Acta fabula
ISSN 2115-8037

2005
Été 2005 (volume 6, numéro 2)
Sabine Ricote

La photographie au pied de la lettre

La Photographie au pied de la lettre, textes réunis par J. Arrouye, Publications de l'Université de Provence, Collection « Hors champ », 2005. 376 pages  ISBN : 2853996026.

1Cet ouvrage réunit vingt-sept études qui traitent du rapport entre littérature et photographie pour évaluer les différents types de relations que ces deux instances entretiennent Ce recueil se penche sur le statut des photographies décrites dans les textes littéraires et sur celui de celles qui sont insérées dans un livre pour servir le texte plus que pour l’illustrer. Que ce soit chez Jules Verne ou Balzac qui utilisent l’image photographique comme actant du déroulement narratif ou chez Claude Simon et Proust qui font d’elle un objet de la fiction à part entière.

2Bien des textes ignorent l’univers de la photographie, mais ils ont pour volonté de mettre en évidence le pouvoir qu’a la littérature de « faire voir ». Ainsi, Yves Bonnefoy précise que la poésie est « un pouvoir de photographier avec la langue ». Le roman, quant à lui, n’est plus considéré comme un « miroir ». Il est davantage une « machine à fictions1 ». La réalité est perçue comme une construction du langage et de la culture dans laquelle le monde se présente comme possible. Écrire, c’est mobiliser notre perception et concurrencer notre conscience de la réalité en faisant apparaître une réalité fragmentaire. Le roman ne se pose alors pas comme une copie conforme du réel, il est un procédé de virtualisation.

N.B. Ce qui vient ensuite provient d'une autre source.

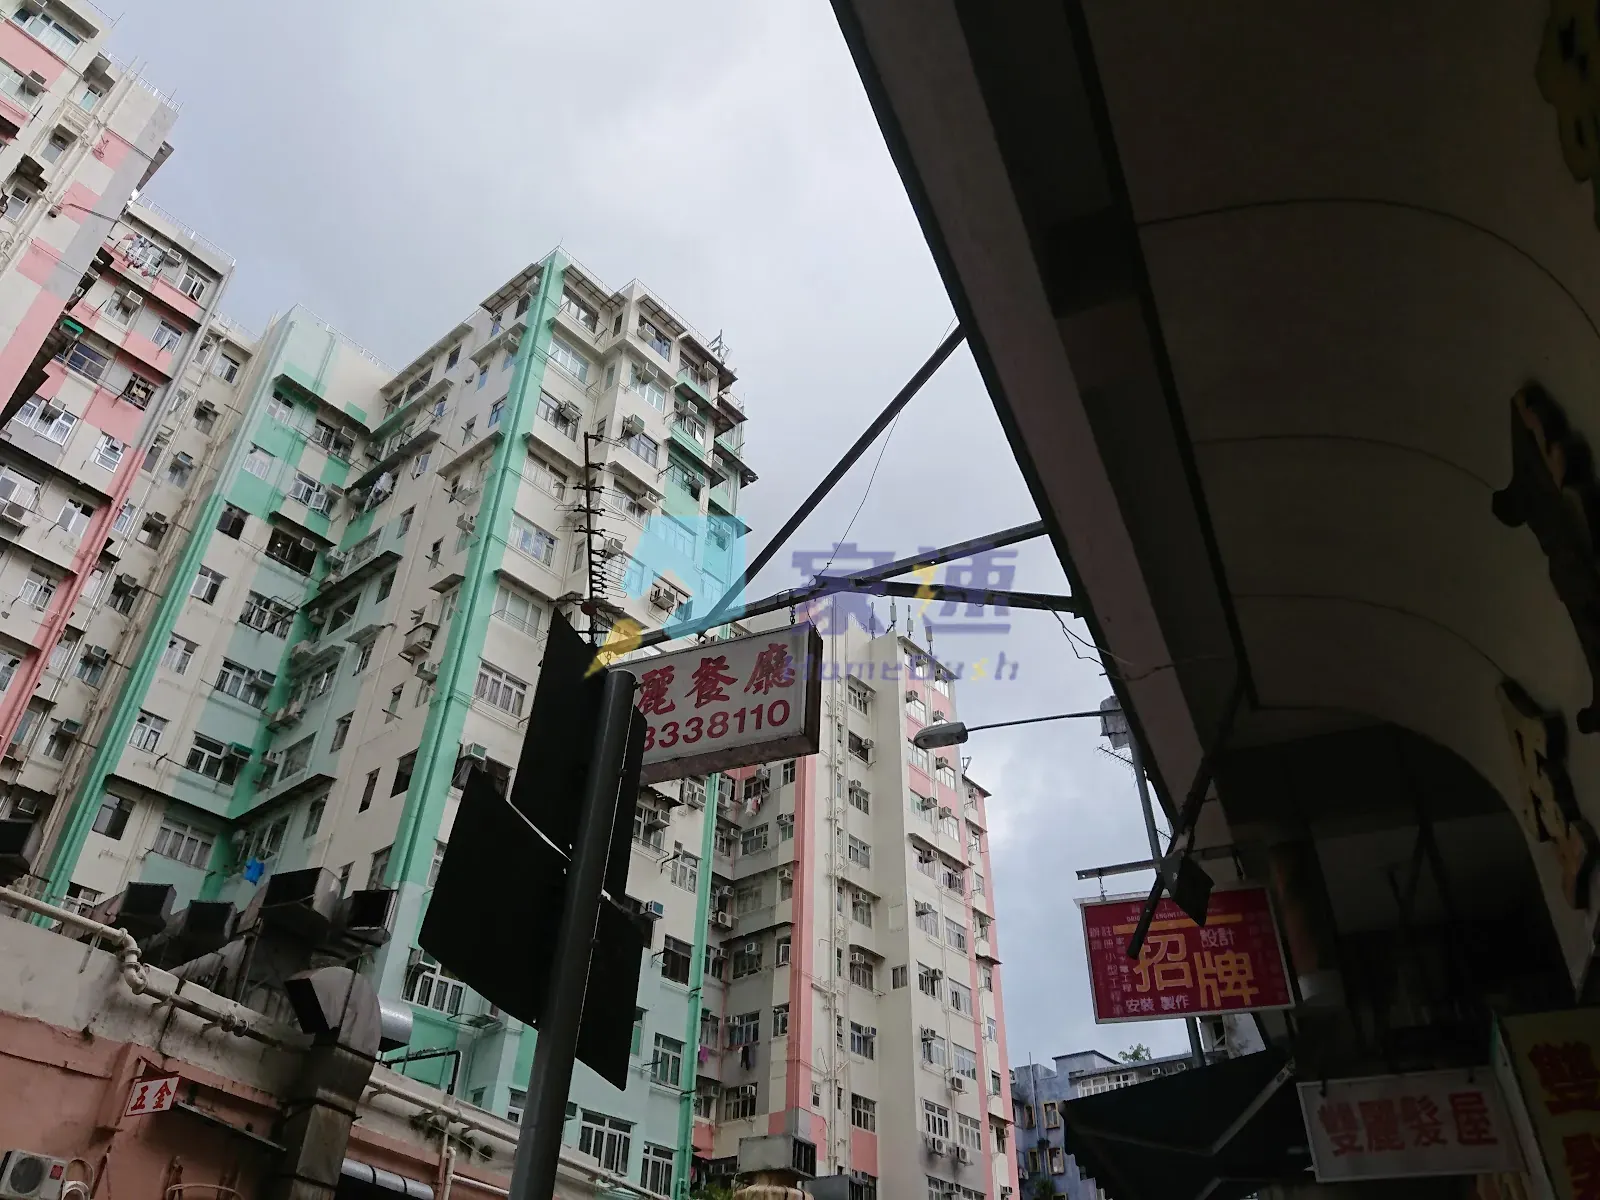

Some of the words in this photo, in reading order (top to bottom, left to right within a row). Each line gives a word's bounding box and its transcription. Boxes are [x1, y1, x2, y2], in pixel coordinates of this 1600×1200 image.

[637, 643, 796, 716] 麗餐廳
[1200, 927, 1236, 949] 設計
[1133, 933, 1260, 1009] 招牌
[1125, 997, 1156, 1014] 安裝
[1160, 994, 1190, 1011] 製作
[131, 1081, 172, 1111] 五金
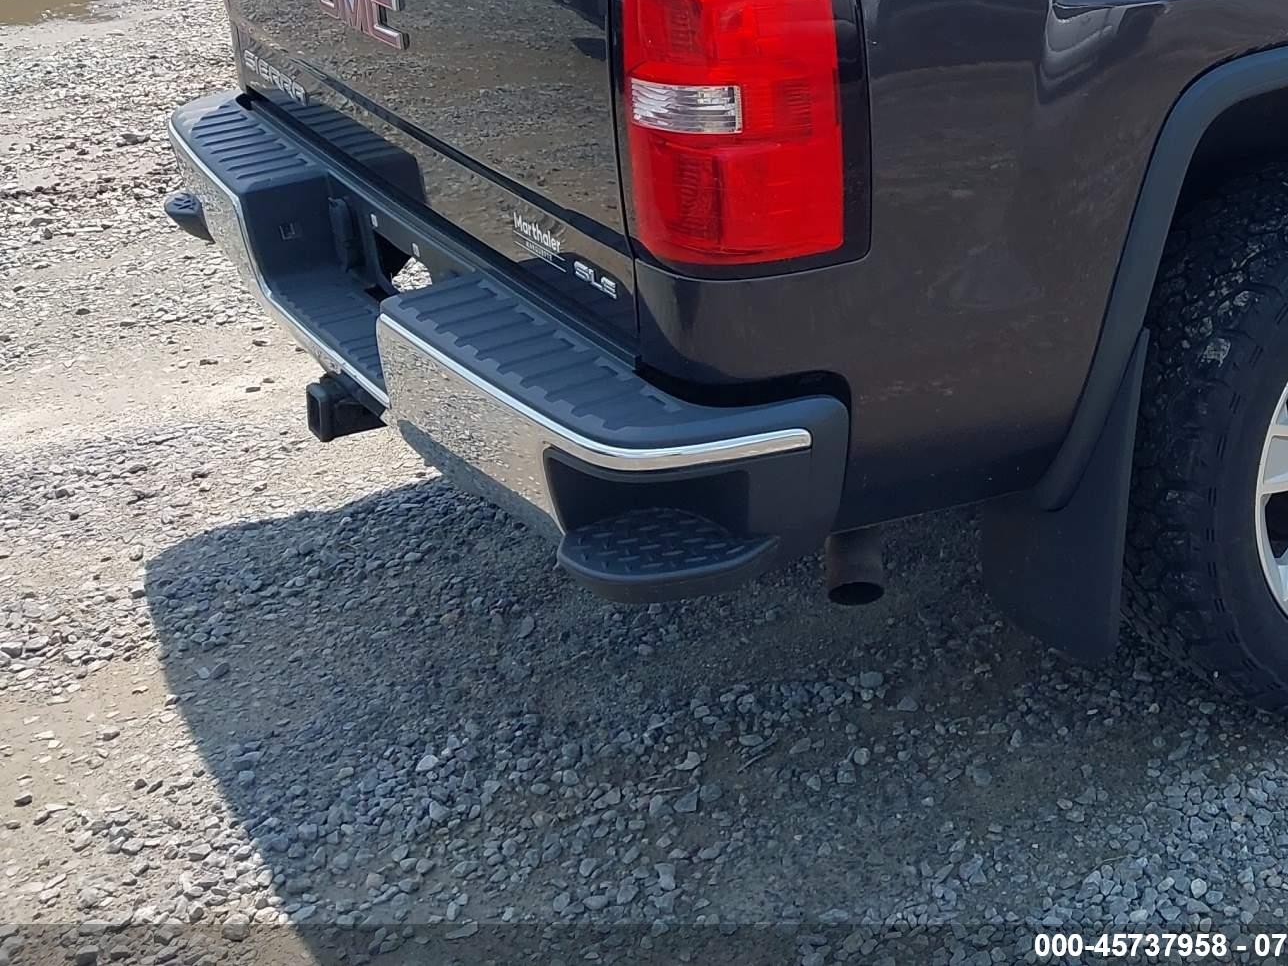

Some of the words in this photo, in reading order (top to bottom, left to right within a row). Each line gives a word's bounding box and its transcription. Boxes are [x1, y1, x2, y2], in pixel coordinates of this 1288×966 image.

3Bernd Stiegler s’attache au cas particulier d’Emile Zola, l’un des rares exemples d’écrivain du XIXème siècle qui prend des clichés, parallèlement à son activité littéraire. Zola découvre la photographie après avoir clos le cycle des Rougon-Macquart. Il cherche à l’utiliser comme moyen de corriger les fautes de l’observation subjective puisqu’il se réclame d’une objectivité scientifique et romanesque. Il insiste sur la perception littéraire comme liée à des critères visuels et précise, dans une lettre à Valabrègue en 1864 : « Toute œuvre d’art est comme une fenêtre ouverte sur la création. Il y a, enchâssée dans l’embrasure de la fenêtre, une sorte d’écran transparent, à travers lequel on perçoit les objets plus ou moins déformés, souffrant des changements plus ou moins sensibles dans leurs lignes et dans leur couleur. Ces changements tiennent à la nature de l’écran. » Bernd Stiegler prend l’exemple de Madeleine Ferrat de Zola. Le personnage éponyme possède un cliché de Jacques, son amant. Elle le brûle pour ne pas introduire le fantôme de Jacques dans sa vie de couple. La photographie est alors plus que la présence symbolique de l’amant, elle est douée d’une force magique et relie passé et présent, Jacques, Madeleine et son mari.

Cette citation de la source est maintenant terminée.